Friday's lower unemployment figure is a strong indication that the Federal Reserve may cut rates by 0.25% instead of 0.50% when it meets in less than two weeks, economists say.
"This is the moment we've all been waiting for and, based on the data, it looks like the Fed won't need to panic and start with a 'jump' rate cut," said Chris Zaccarelli, chief investment officer for Independent Advisor Alliance.
"Most likely the Fed will cut rates by 0.25% on 9/18 and then will have to watch the data from there, with our base case being two more rate cuts of 0.25% each in November and December," he added.
Before the release of the August jobs report, traders priced in a 43% probability of a 50-basis-point interest rate cut by the Federal Reserve later this month.
Key Takeaways
- The U.S. economy added 142,000 nonfarm payrolls in August, marking a significant increase from July's downwardly revised 89,000.

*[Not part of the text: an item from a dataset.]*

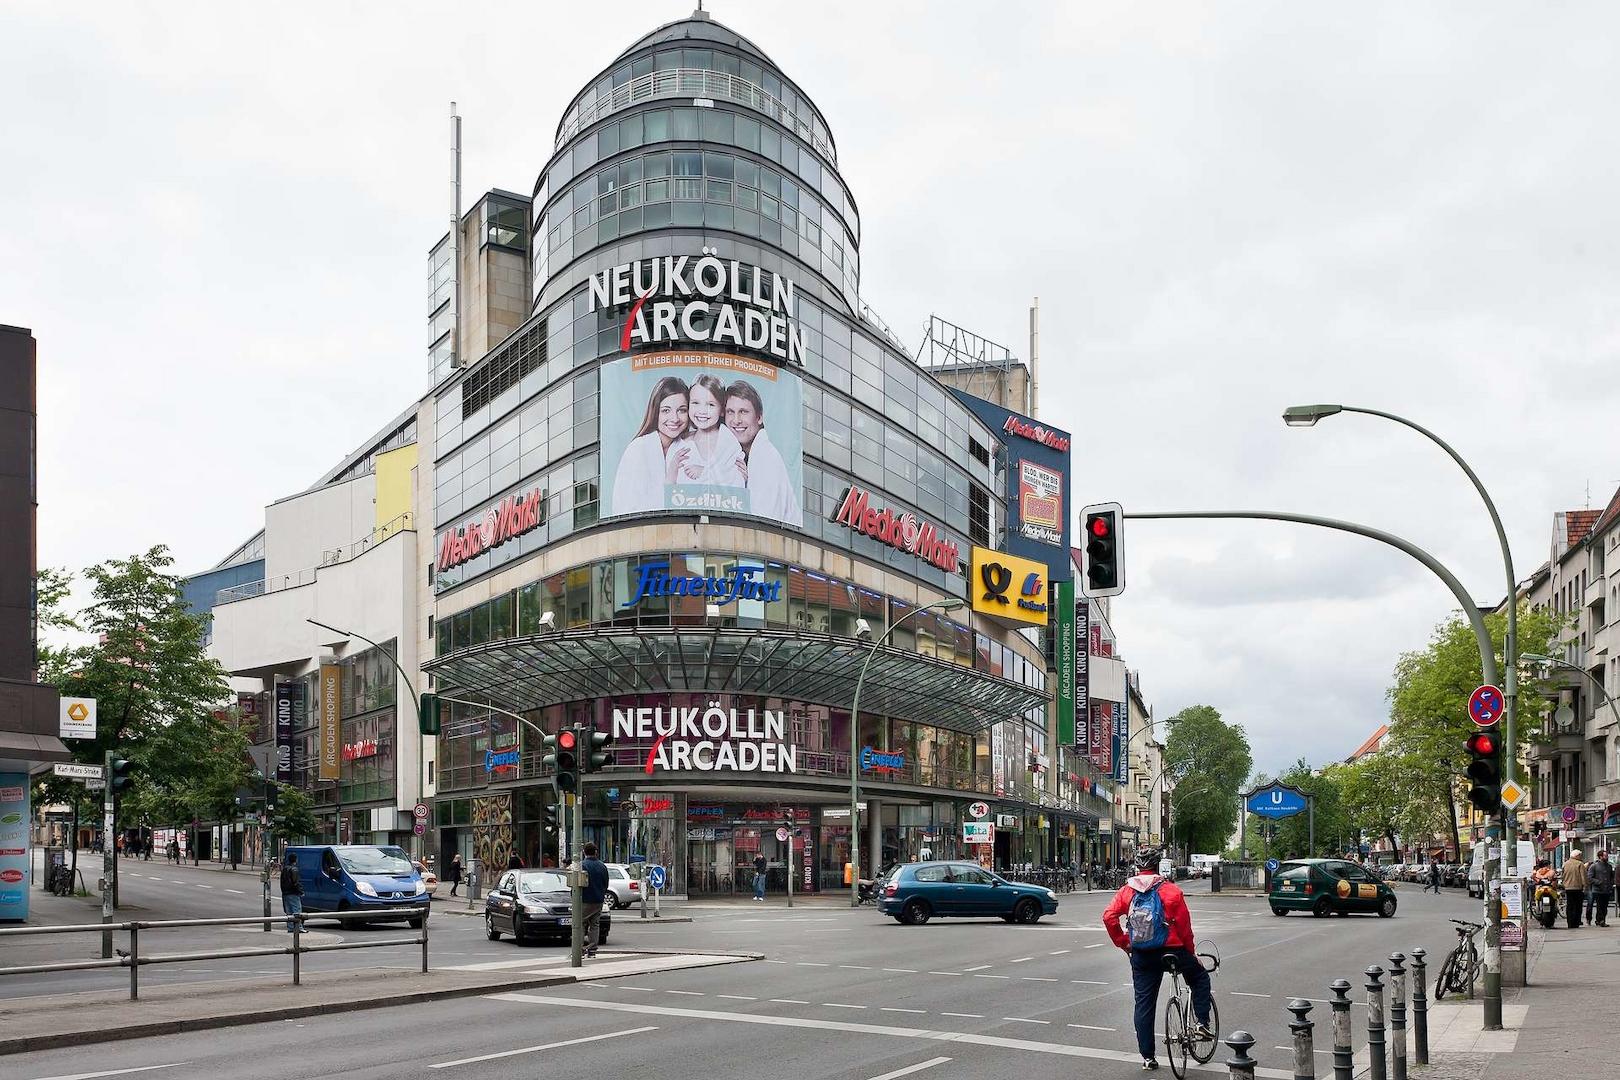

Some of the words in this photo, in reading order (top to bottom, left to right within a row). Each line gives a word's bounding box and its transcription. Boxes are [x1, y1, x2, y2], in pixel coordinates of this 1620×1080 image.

- The 142,000 increase in nonfarm payrolls fell short of the 160,000 consensus estimate tracked by TradingEconomics.
- The unemployment rate fell from 4.3% in July to 4.2% in August, meeting expectations
- Average hourly earnings rose 0.7% month-over-month, up from a downwardly revised decline of 0.1% in July and beating estimates of 0.3%.
- Year-over-year, average hourly earnings rose 3.8%, up from 3.6% in July and beating forecasts of 3.7%.
Zaccarelli said unemployment dropping from 4.3% to 4.2% "could be the big news of the day," but it is less important than "the data beneath the surface."
"That's because it is an easy headline to run with and we are in a narrative-driven market," he said.
"While the bears have plenty to work with - in terms of a softening labor market and a slowing economy - the facts still show an economy that is expanding and not one that is imminently headed into recession, and for that reason we believe that once the election is behind us, we will see this bull market resume climbing to new all-time highs before the next bear market begins."
The Fed Funds Futures market adjusted quickly to the jobs report and indicates that the Fed will cut rates by 50 basis points at its Sept. 18 meeting, said Quincy Krosby, chief global strategist for LPL Financial.
"Hovering over the Fed's decision, however, is a concern that prices are inching higher within manufacturing and services," she said.
"Still, as the maximum employment mandate for the Fed has increasingly become its primary focus, the market now expects a deeper cut and it's worrisome for market participants.
"Today's comments from two Fed officials will be key to understanding whether the Fed sees today's print as a labor market normalizing to pre-Covid conditions or a worrisome indication about the softening of the broader economy."
But Charlie Ripley, senior investment strategist for Allianz Investment Management, said it is "unclear" at this point as to how much the Fed will lower rates on Sept. 18.
"Investors remain divided on how quickly the Fed should lower rates and the mixed employment data today did not augment the argument for either side, which is why the odds of a 50 basis point cut at the September meeting looks like a coin toss for now," he said.